Vom 30. Mai bis 2. August 2009 widmet sich der Württembergische Kunstverein in Stuttgart den experimentellen und konzeptuellen Kunstpraktiken, die von den 1960er bis 1980er Jahren unter den Bedingungen von Militärdiktaturen und kommunistischen Regimes in Europa und Südamerika entstanden sind. Die Ausstellung, die rund 80 künstlerische Positionen umfasst, wurde von einem dreizehnköpfigen internationalen Kuratorenteam in enger Zusammenarbeit mit dem Kunstverein während eines zweijährigen Prozesses entwickelt.

In neun Sektionen fokussiert die Ausstellung die unterschiedlichen Kontexte und Strategien der künstlerischen Produktion sowie ihre Positionierung gegenüber den politischen wie kulturellen Repressionen in der DDR, Ungarn, Rumänien, der UdSSR, Spanien, Chile, Brasilien, Argentinien und Peru. Dabei geht es gleichermaßen um die Besonderheiten in sowie die Beziehungen zwischen den verschiedenen zeitlichen und lokalen Umfeldern.

Die Ausstellung unternimmt den Versuch einer verschobenen Kartografie und eines erweiterten Verständnisses konzeptueller Kunstpraktiken, die sich jenseits des anglo- amerikanischen Kanons etabliert haben. Dabei werden insbesondere deren interdisziplinäre, kollaborative und gesellschaftspolitische Potenziale hervorgehoben, das heißt, die Grenzverschiebungen, die sie zwischen bildender Kunst, Politik, Gesellschaft, Wissenschaften, Architektur, Design, Medien, Literatur, Bühne, Aktivismus et cetera hervorgebracht haben.

Es geht zudem um künstlerische Praktiken, die nicht nur den tradierten Kunstbegriff, die Institutionen sowie das Verhältnis von Kunst und Öffentlichkeit radikal infrage stellten, sondern die zugleich auf subversive Weise Strukturen der Zensur hintertrieben und gegen die bestehenden Machtsysteme opponiert haben. Der Körper, die Sprache und der öffentliche Raum bildeten dabei die zentralen, gleichermaßen symbolischen wie performativen Instrumentarien des Widerstands ab.

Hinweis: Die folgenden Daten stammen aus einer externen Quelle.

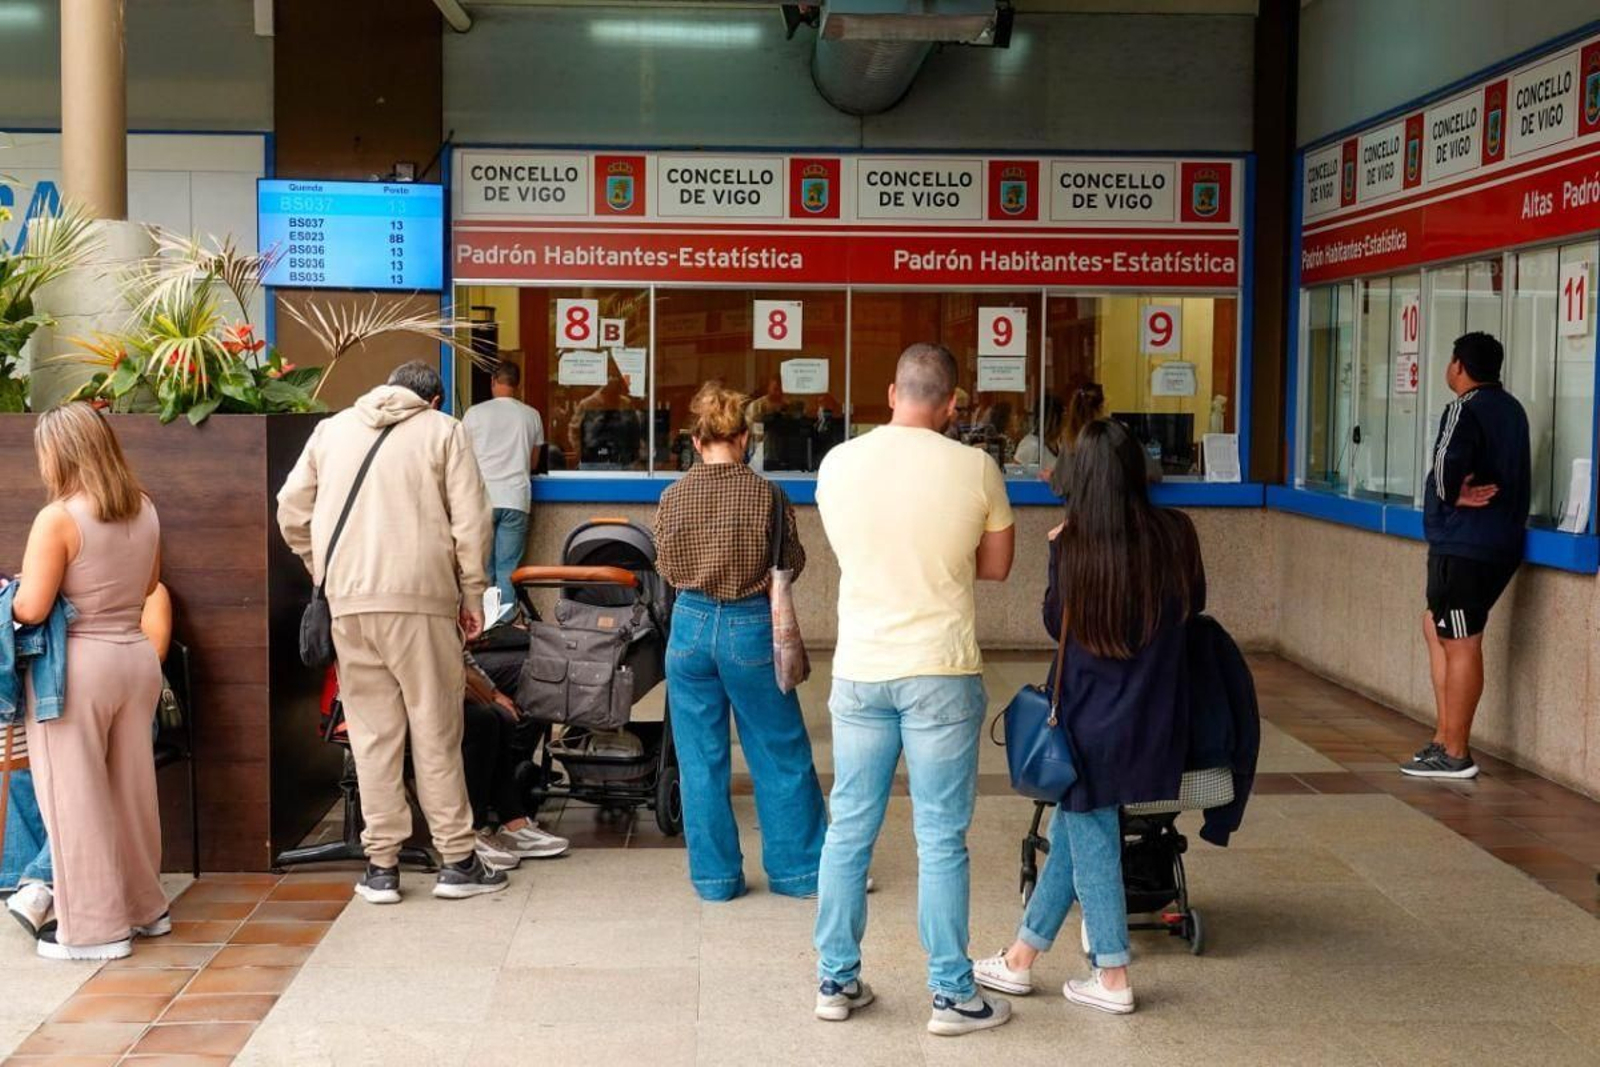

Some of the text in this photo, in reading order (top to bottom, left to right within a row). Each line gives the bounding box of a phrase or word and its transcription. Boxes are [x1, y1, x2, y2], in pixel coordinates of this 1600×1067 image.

[1516, 71, 1572, 110] CONCELLO
[1432, 107, 1477, 140] CONCELLO
[1521, 103, 1564, 136] DE VIGO
[1364, 136, 1399, 164] CONCELLO
[1436, 135, 1471, 164] DE VIGO
[471, 165, 578, 182] CONCELLO
[667, 168, 774, 185] CONCELLO
[867, 171, 973, 187] CONCELLO
[1060, 173, 1166, 190] CONCELLO
[1366, 161, 1394, 186] DE VIGO
[289, 184, 323, 192] Quenda
[484, 186, 566, 203] DE VIGO
[680, 188, 761, 205] DE VIGO
[280, 196, 332, 212] BS037
[879, 191, 960, 208] DE VIGO
[1072, 193, 1152, 210] DE VIGO
[1521, 189, 1553, 220] Altas
[289, 218, 404, 230] BS037 13
[289, 231, 404, 244] ES023 8B
[289, 245, 404, 257] BS036 13
[456, 244, 803, 269] Padrón Habitantes-Estatística
[289, 258, 404, 271] BS036 13
[893, 248, 1235, 274] Padrón Habitantes-Estatística
[289, 272, 404, 284] BS035 13
[1564, 275, 1585, 322] 11
[564, 305, 590, 341] 8
[604, 323, 621, 341] B
[768, 309, 788, 340] 8
[992, 315, 1013, 347] 9
[1149, 311, 1173, 347] 9
[1402, 304, 1418, 342] 10
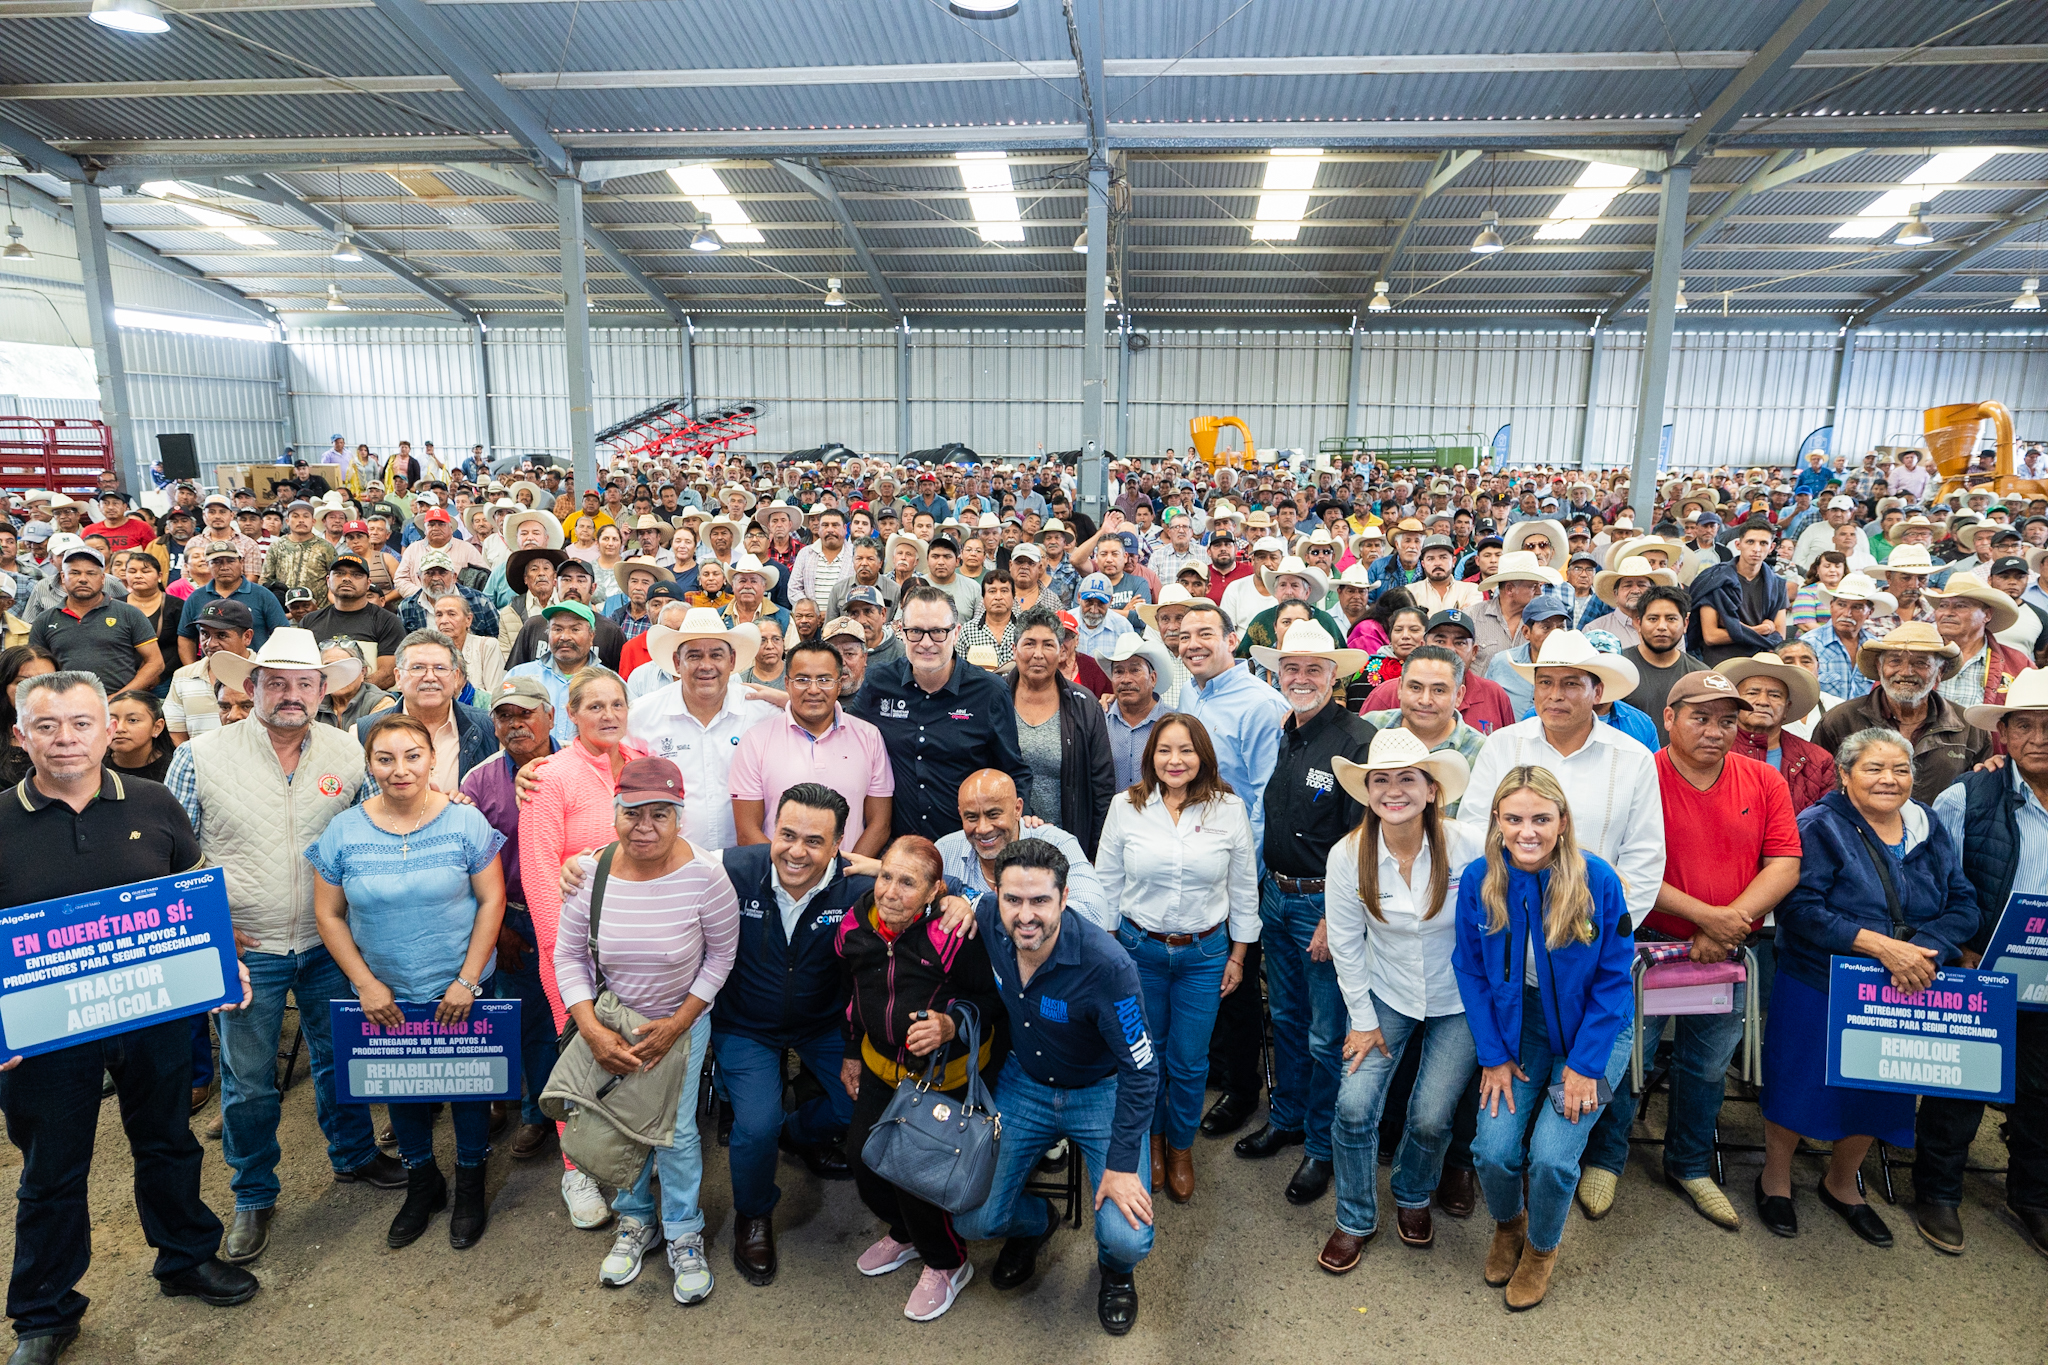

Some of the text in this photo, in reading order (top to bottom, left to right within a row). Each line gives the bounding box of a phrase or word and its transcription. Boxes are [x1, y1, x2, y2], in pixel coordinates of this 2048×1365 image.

Die Aneignung von Medien und Distributionskanälen – insbesondere der Post – hat wiederum eine besondere Rolle für die Etablierung der weitverzweigten Netzwerke zwischen (Ost-)Europa und Lateinamerika gespielt.

Anstelle einer homogenen lückenlosen Narration geht es der Ausstellung um eine Reflektion und Konfrontation bestimmter Ansätze, Situationen, Frage- und Problemstellungen. Nicht die Rückführung ausgeblendeter künstlerischer Positionen in den bestehenden Kanon steht dabei im Vordergrund, sondern die Infragestellung kanonisierender Kunstdiskurse selbst.

Ein weiterer Schwerpunkt des Projektes setzt sich mit dem Problem der Präsentation von ephemeren, prozessualen, zeit- und ortspezifischen Kunstpraktiken auseinander. Entwickelt werden Präsentationsformate, die eine sinnliche Erfahrung sowie Recherche zulassen und zugleich der Radikalität der künstlerischen Arbeiten gerecht werden.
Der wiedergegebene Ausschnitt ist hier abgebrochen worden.